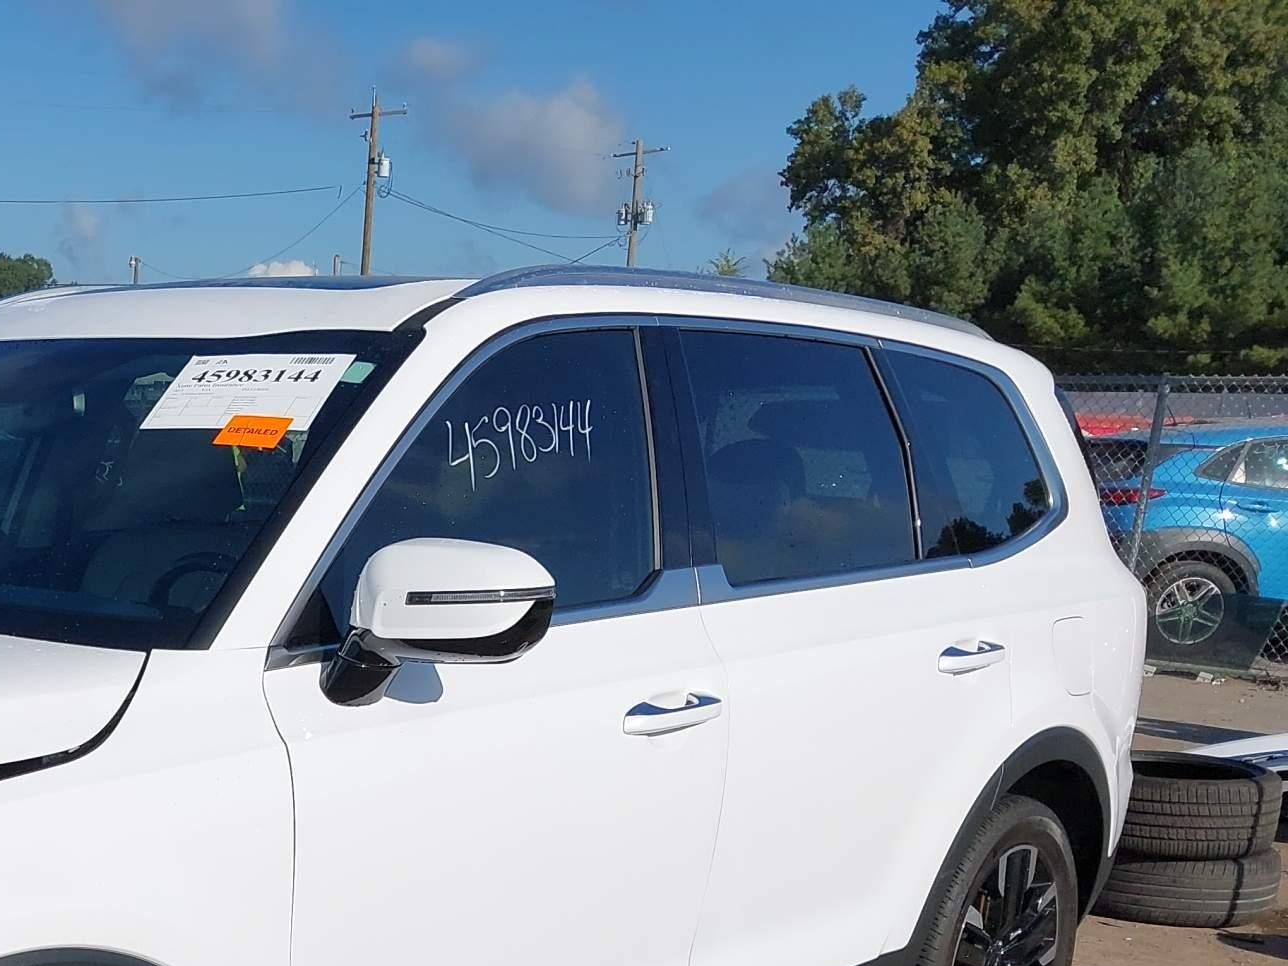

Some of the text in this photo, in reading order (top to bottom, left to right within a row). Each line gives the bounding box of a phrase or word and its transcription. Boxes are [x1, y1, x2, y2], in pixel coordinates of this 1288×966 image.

[191, 368, 323, 383] 45983144
[227, 426, 280, 436] DETAILED
[445, 399, 594, 493] 45983144
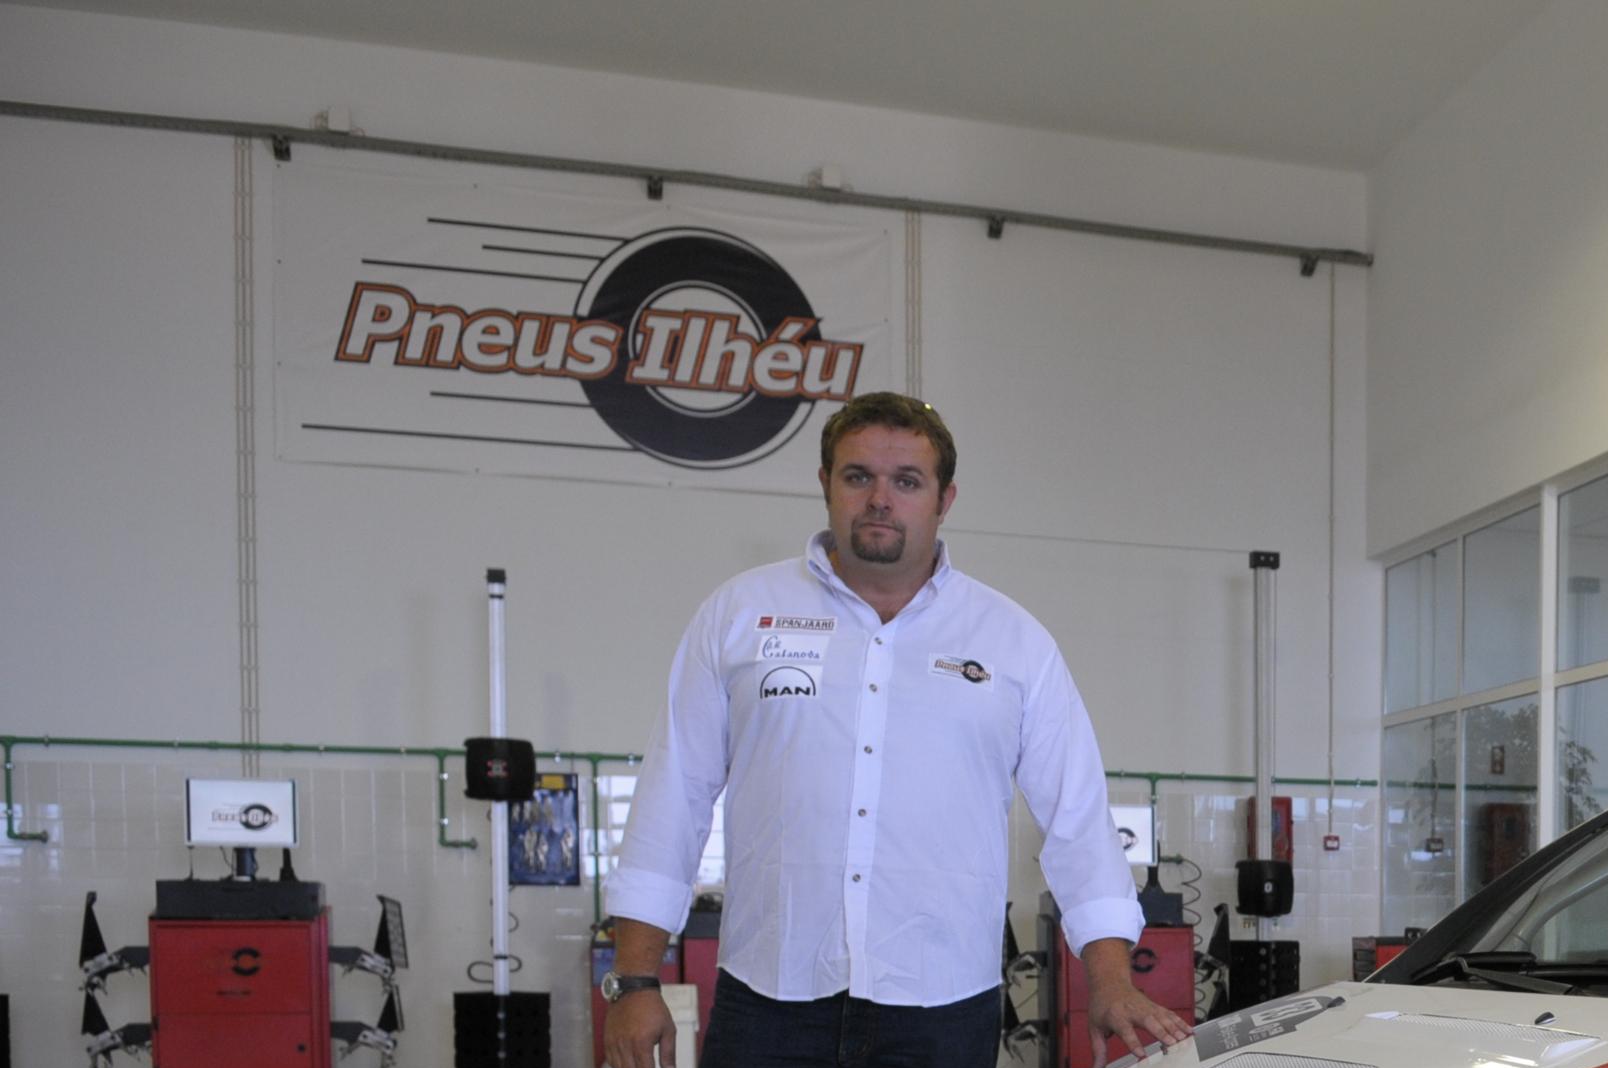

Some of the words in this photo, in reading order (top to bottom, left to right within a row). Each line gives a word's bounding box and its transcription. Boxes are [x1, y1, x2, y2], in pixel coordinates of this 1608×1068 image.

_Assigned task_. What you hand back should match the listing exactly, except that no pictures appear.

_Response to the task_.
Some of the text in this photo, in reading order (top to bottom, left to right within a row). Each line gives the bounding box of a phrase or word and its transcription. Boxes are [x1, y1, x2, y2], in pixel coordinates of this 1288×966 image.

[191, 368, 323, 383] 45983144
[227, 426, 280, 436] DETAILED
[445, 399, 594, 493] 45983144

Some of the words in this photo, in reading order (top to bottom, left to right within a row). Each line gives a word's bounding box and its transcription. Boxes are [x1, y1, x2, y2], in pixel coordinates of this 1608×1068 image.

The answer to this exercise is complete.